Mona Lisa

It started yesterday with a boom and a bang, although upon reflection, it was steadily building up. There was an air of not okayness and a need for constant opposition in response to that feeling. The Heavy energy expanded into rebelliousness. All the healing prior to this moment somehow evaporated and only the little girl was standing in the midst of this seemingly overwhelming vastness feeling unsupported and played with. There was no more space for her to be in that room. She felt tossed around by another at their whim. She felt the separation deep in her bones. She ran toward the room where she could dream about being the One- not for someone else- but for herself. Here, she recognized her worth and desired to protect it dearly, and allowed God to love her. The recognition of her Divinity gave her only permission to be in spaces that truly honor and respect her. It wasn’t about who is right or wrong. It was about her resilience and devotion to herself. It was about her seeing her light and following it unequivocally.

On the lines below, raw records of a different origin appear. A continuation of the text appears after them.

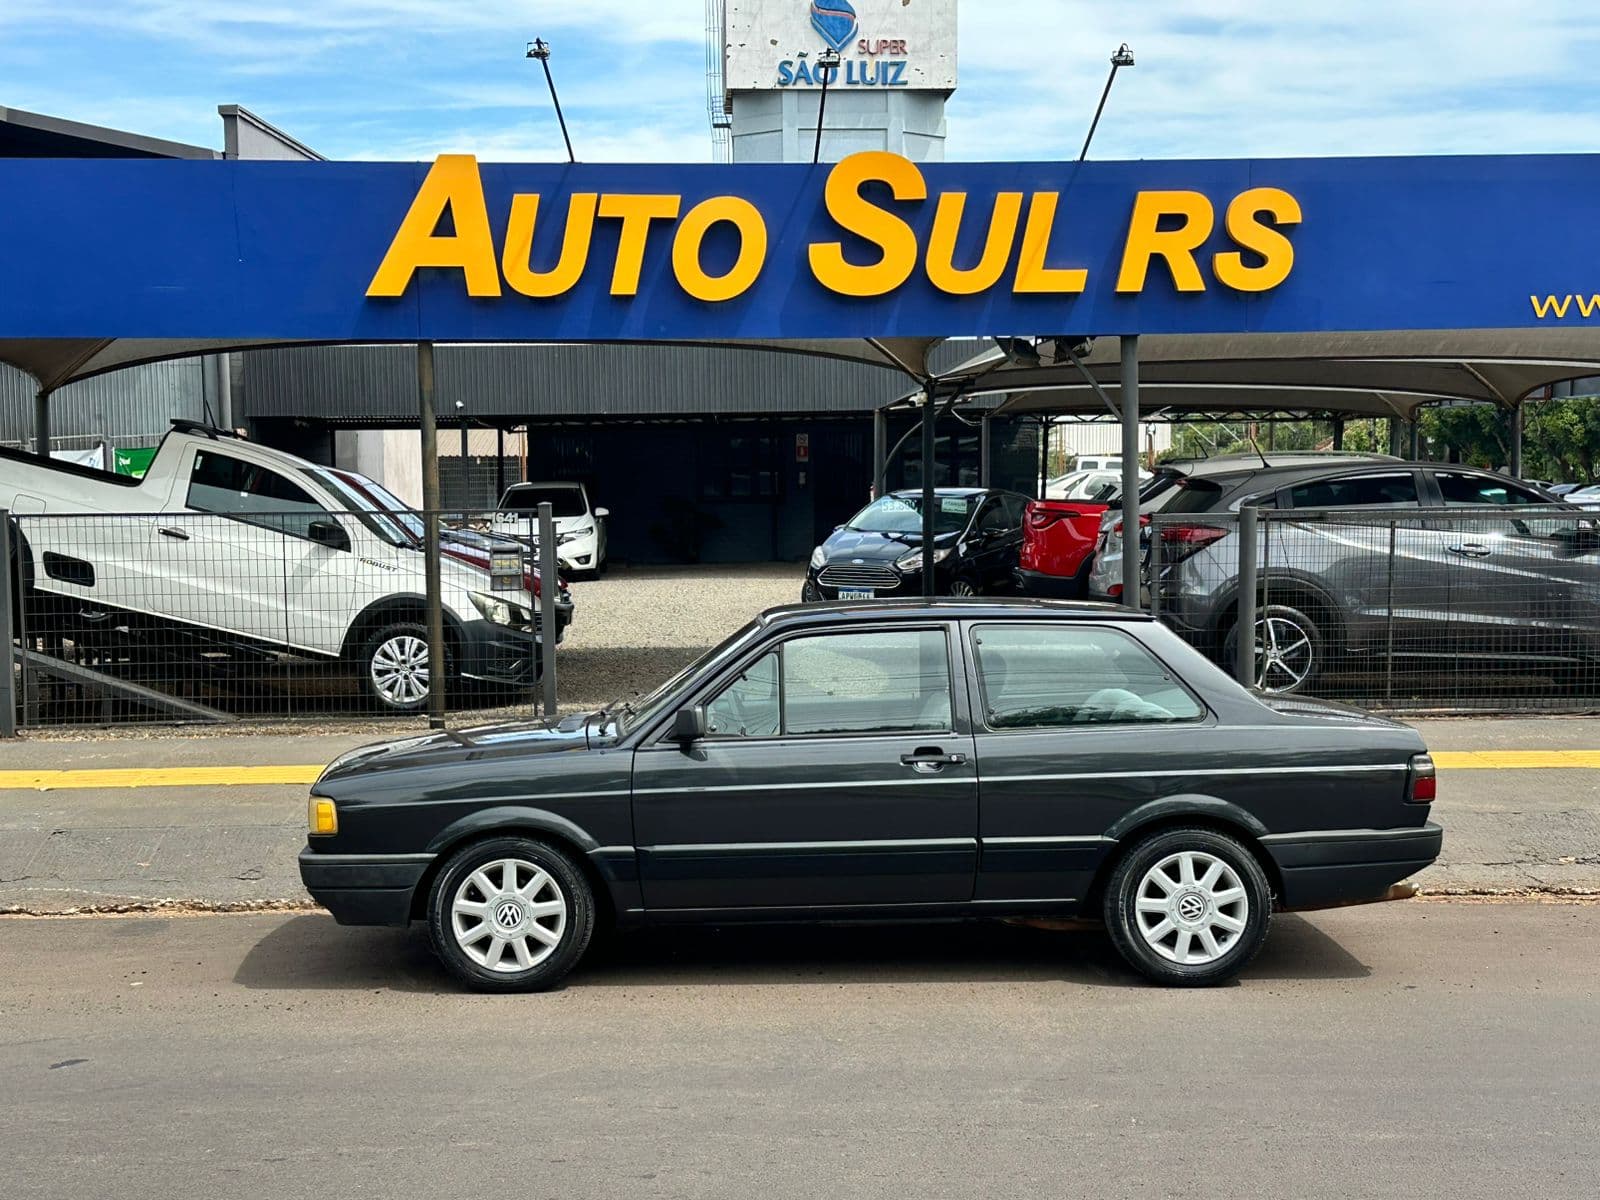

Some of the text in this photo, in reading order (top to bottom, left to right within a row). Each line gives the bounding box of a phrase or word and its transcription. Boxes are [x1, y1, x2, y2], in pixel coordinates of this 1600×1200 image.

[858, 39, 908, 55] SUPER
[778, 52, 908, 86] SÃO LUIZ
[367, 151, 1303, 301] AUTO SUL RS
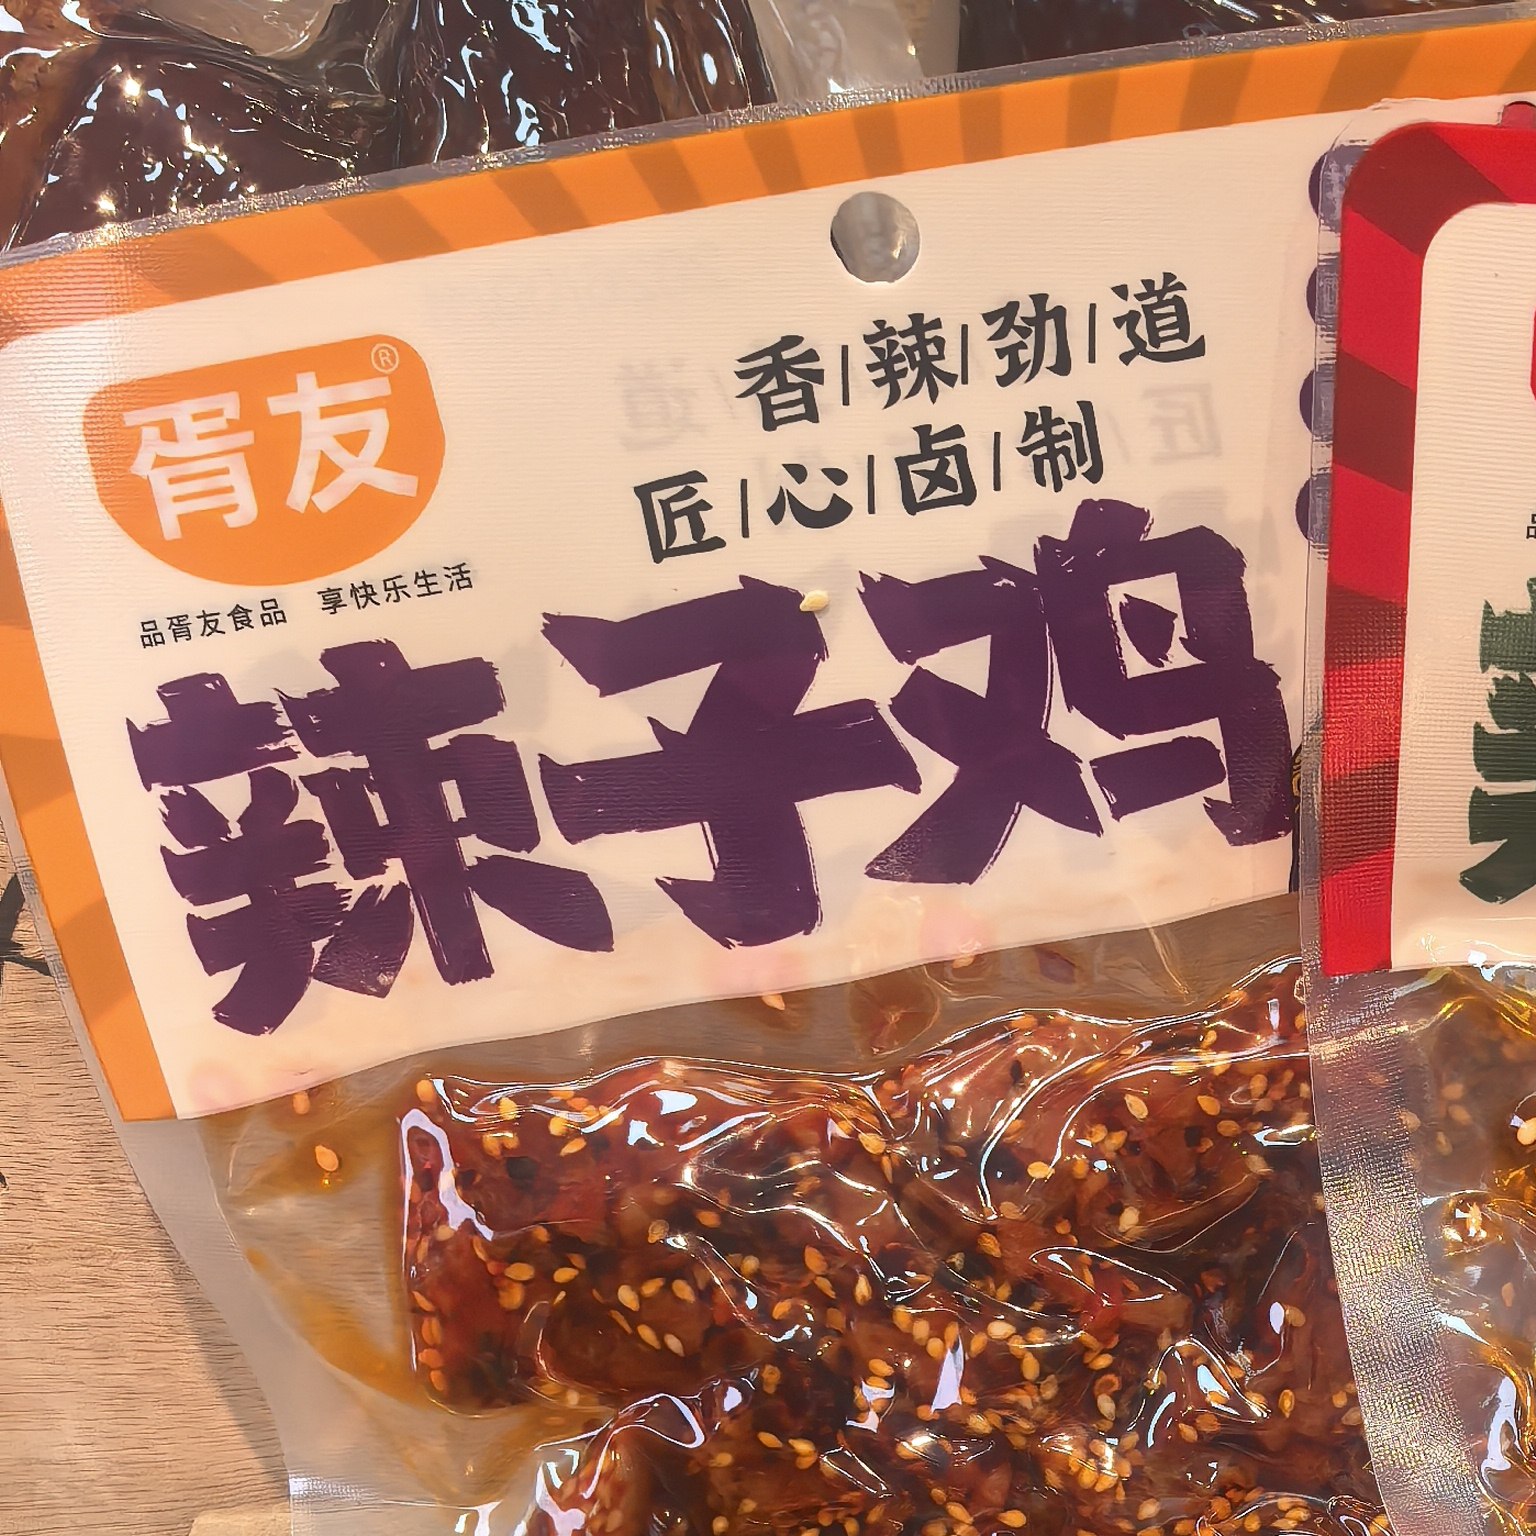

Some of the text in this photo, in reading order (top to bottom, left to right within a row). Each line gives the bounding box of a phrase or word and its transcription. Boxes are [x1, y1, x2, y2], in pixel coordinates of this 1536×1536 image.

[121, 371, 419, 542] 胥友
[139, 562, 476, 648] 品胥友食品 享快乐生活
[126, 498, 1299, 1036] 辣子鸡
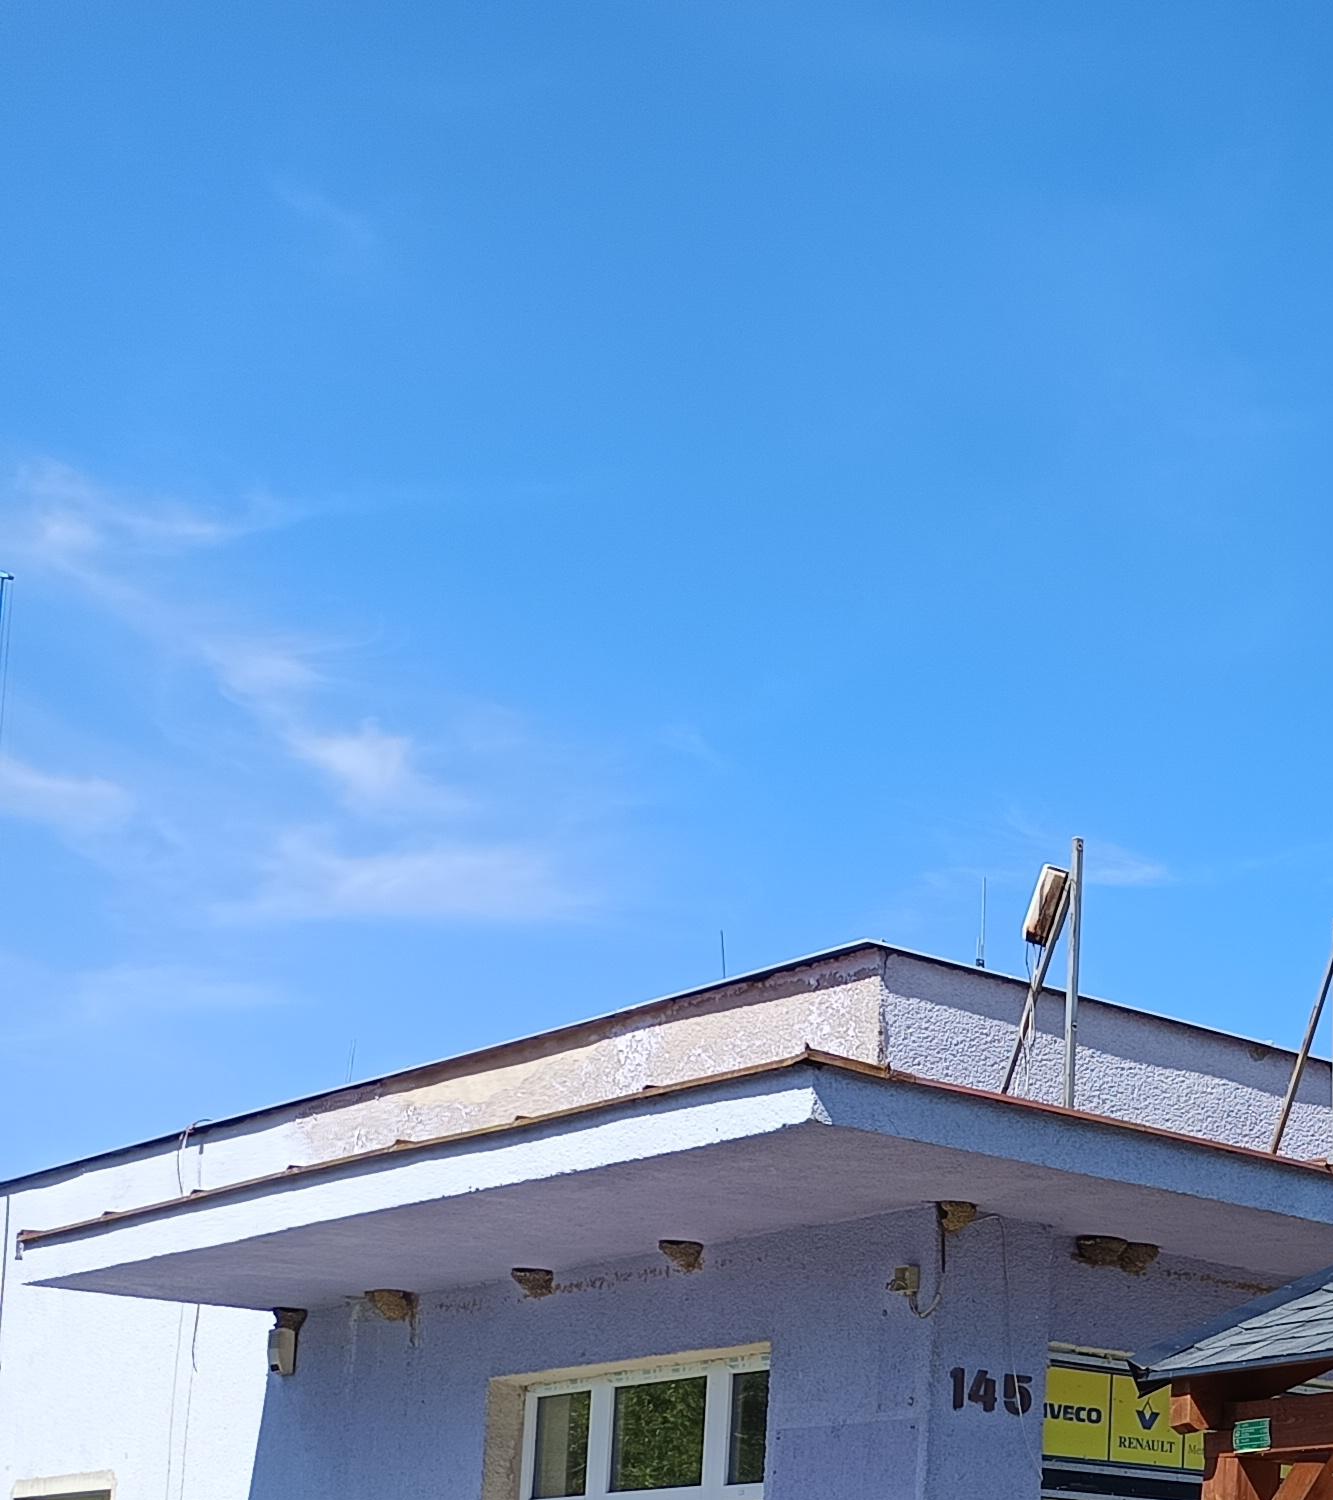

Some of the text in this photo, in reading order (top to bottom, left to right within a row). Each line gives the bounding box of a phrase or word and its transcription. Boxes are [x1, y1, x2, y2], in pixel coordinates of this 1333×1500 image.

[950, 1366, 1033, 1417] 145
[1043, 1402, 1102, 1424] IVECO
[1118, 1435, 1175, 1454] RENAULT

Today she sat on a chair she almost never sits on and opened a book, gifted to her mother, she has never opened before, to see the photograph of Mona Lisa. It was taken at the Louvre and had all the reflections of the glass frame and the paintings that mirrored into that glass. It felt serendipitous! After all, when she was younger many people found resemblance between her and Mona, especially in the eyes. In the deeper part of her being, she knew she had to investigate and find the meaning of this particular gift at this particular time. It was percolating in the vicinity, but she couldn’t quite grasp it, so she read which she sensed will crystalize the gnosis, and it did. When you look at Mona Lisa, you see through your current lens. There are many shades and perspectives. Her eyes are a living well and emit her Infinity and Divinity. It was a confirmation for me to see my Goodness and shield it from anything (other paintings: triggers/mirrors/outside noise) that “threatens” to disturb my Union with God. It was about staying firm with my boundaries. Not loving less, but loving more. Mona’s image in the photograph was blurry. My dance between my worthiness/unworthiness created the in-between space where I sometimes see myself and sometimes deviate and see blurry, yet, I am on purpose by design, and God was inviting me to recognize my permanent address- Value/Merit/Worth. When I occupy this space, I choose Her over and over again regardless of the circumstances and all the justifications my ego can provide for overriding this knowing. The tests are plenty. The results are all over the place, but the awareness is there, and moving through these situations with self-compassion and understanding is necessary. A seed doesn’t sprout overnight, let alone produce fruit instantaneously, yet it endures lovingly.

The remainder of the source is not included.